Every two weeks, an oceanographic cruise will be conducted to sample the waters between the coast and the buoy site. These COBY cruises will also allow for servicing of the buoy, maintainance of the buoy superstructure, cleaning the optical surfaces of the instruments, and verifying the data storage and routine operation of the buoy controls.

OASIS

The Ocean-Atmosphere Sensor Integration System (OASIS) is an autonomous surface vehicle which functions as a platform for operating any number of oceanographic and meteorological instruments. It is powered by solar panels and an electric motor, can reach speeds in excess of 3 knots, and is controlled remotely by satellite communication. The applications of this platform can range from oceanographic research by scientists to search and rescue operations for the Coast Guard.

Instrumentation

Coastal Ocean Surface Current Radar (CODAR)

A series of three long-range and two standard-range coastal surface ocean current HF radar (CODAR) systems are being deployed and maintained. The three long-range systems are being deployed along the Delmarva Peninsula and the two standard-range systems are being added to two existing standard systems already deployed at the mouth of the Chesapeake Bay. These systems will provide real-time coastal current estimates. This data will allow us to continually measure the coastal ocean surface current fields and aid in characterization of the coastal circulation dynamics in this region.

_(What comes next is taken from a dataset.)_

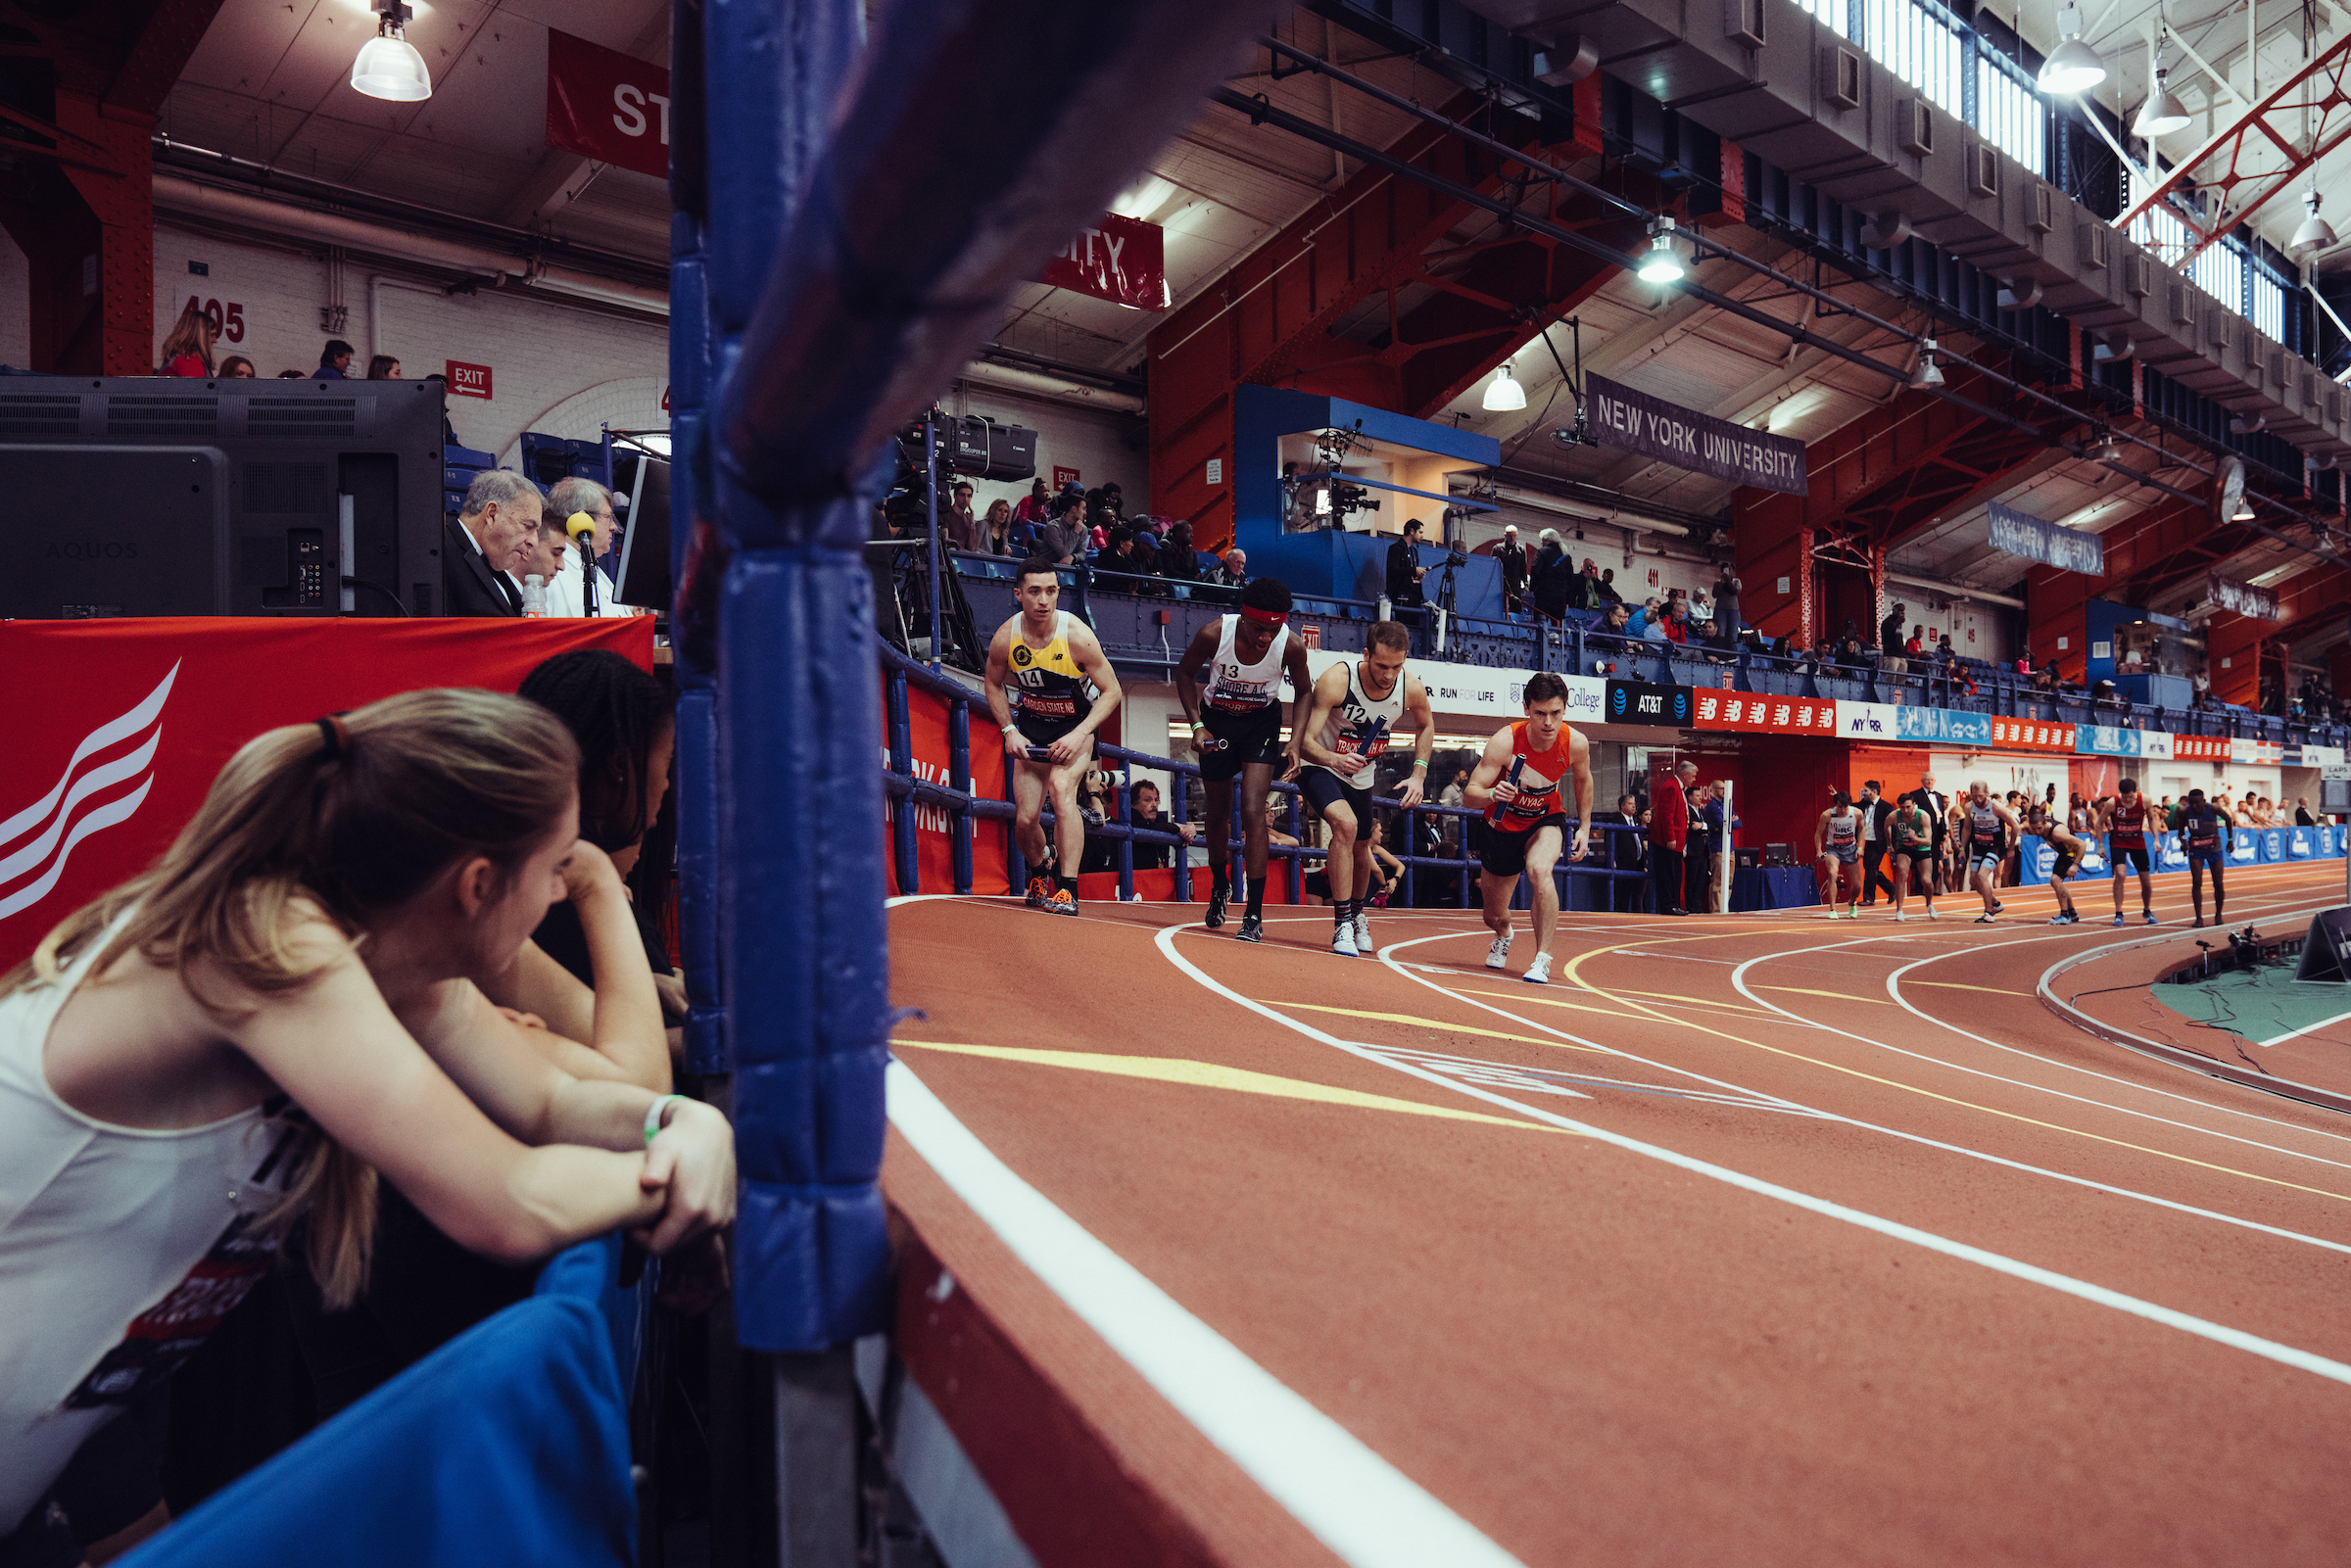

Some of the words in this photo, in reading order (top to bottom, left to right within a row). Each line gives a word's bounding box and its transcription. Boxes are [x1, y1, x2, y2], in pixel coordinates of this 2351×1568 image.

Biospherical Instruments WLR-2800

The WLR-2800 is a radiometer which measures light leaving the surface of the water, indirect sunlight, and direct sunlight. This instrument will be mounted on the COBY buoy to measure the amount of sunlight penetrating the water’s surface.

Seabird CTD

A CTD is an oceanographic instrument which measures conductivity (salinity), temperature, and depth. This instrument can be lowered through the water to create a profile of temperature and/or salinity vs. depth.

Wetlabs AC-9 and AC-S

The AC-meters are instruments that measure the absorption of the water at many wavelengths in the visible spectrum. The absorption of light at different wavelengths can give information as to the type and number of phytoplankton in the water.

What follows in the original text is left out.